The Markov blanket of a node in a Bayesian network corresponds to a set of features that have high predictive power together. Specifically, the Markov blanket of a node is the set of nodes that shield the node from the rest of the network. Thus, nodes in a Markov blanket will likely predict the behavior of the node of interest. This property is very useful to identify a succinct set of features or variables highly associated with the feature-of-interest. The Markov blanket has been utilized in identifying the most critical genes towards the development of astrocytic tumors from a significant set of meta-analysis genes [22] and single nucleotide polymorphism (SNP) biomarkers significantly associated with Alzheimer’s disease [23]. Markov blanket property along with the Tabu search algorithm has been used to predict postoperative morbidity of heart disease [24].

Our contributions in this paper are the following. We evaluate our three-stage framework for predictive analysis with Bayesian networks, on one of the largest datasets developed for PU predictive analysis, which includes 86 medication, diagnosis, and Braden features extracted from the EHRs of 7,717 ICU patients. We evaluate multiple runs of all combinations of four search algorithms, two prior structure initializations, two scoring functions, and five sets of features, and find that the best combination gives Bayesian networks with an average AUC of 0.827, which is comparable to the best classical machine learning models from our previous study [6]. We visualize a representative Bayesian network and use the Markov blanket property to identify several known and several suspected high risk factors associated with PU incidence. Our clinician collaborators used this information to identify strong relationships between risk factors widely recognized as associated with pressure ulcers.

For our data the Bayesian network based approach yields models with much higher sensitivity than the classical machine learning models (average sensitivity increased to 0.455 from 0.160).
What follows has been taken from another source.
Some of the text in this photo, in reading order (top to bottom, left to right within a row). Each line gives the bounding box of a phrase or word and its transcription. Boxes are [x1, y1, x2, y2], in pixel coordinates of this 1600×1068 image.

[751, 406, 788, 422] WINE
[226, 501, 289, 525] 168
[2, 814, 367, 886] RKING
Meanwhile, there is only a slight sacrifice in specificity (average specificity is 0.908 versus 0.990) and no significant difference in overall accuracy (measured in AUC). Given the strong adverse impact of PU on patients and high cost for treating PU compared to taking preventive measures, high sensitivity of the model is preferred, because patients likely to contract PUs are likely to be predicted positive.

In summary, we demonstrate that Bayesian network method is a powerful tool in inferring predictive models for syndromes such as PU from complex clinical data. Not only can it lead to high sensitivity models, but it also enables development of new hypotheses on potential risk factors.

Methods

Dataset

The settings of this study are three adult ICUs at The Ohio State University Wexner Medical Center (OSUWMC). OSUWMC serves as a major referral center for patients from the entire state of Ohio and throughout the Midwest. The ICUs include 83 beds in total, admitting approximately 3,800 patients annually.
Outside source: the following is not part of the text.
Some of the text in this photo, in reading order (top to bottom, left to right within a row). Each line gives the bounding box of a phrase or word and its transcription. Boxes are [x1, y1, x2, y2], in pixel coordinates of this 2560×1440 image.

Essentris© is the commercial system used for documentation in all ICUs at the medical center. Patient data entered into Essentris© are eventually transferred to the information warehouse (IW). The IW compiles EHR data from the various electronic records systems throughout OSUWMC, namely, an administrative system (ADT©), a laboratory system, a computerized provider order entry (CPOE) system, and a billing system. Figure 1 shows the study procedure. Specific details will be described in the following sections.

Fig. 1
figure 1

The workflow employed in this study includes modules to conduct data acquisition, data preparation, variable selection, construction of a Bayesian network, and model prediction

Data extraction

Patients (age ≥ 18) admitted to ICUs between January 1, 2007 and December 31, 2010 comprise the sample set. Institutional Review Board (IRB) approval was obtained in 2010 for the data extraction. Data were de-identified and supplied by IW staff. Patients developing a PU are identified by reviewing discharge diagnoses appropriately coded with the International Classification of Diseases (ICD)-9 codes [25] as one of the fields in EHR system. For instance, if a patient had an ICD-9 code, 707.07 (Pressure ulcer, Heel), the patient is included in the PU group. On the other hand, if a patient does not have any of the ICD-9 codes indicating PUs, the patient is included in the non-PU group.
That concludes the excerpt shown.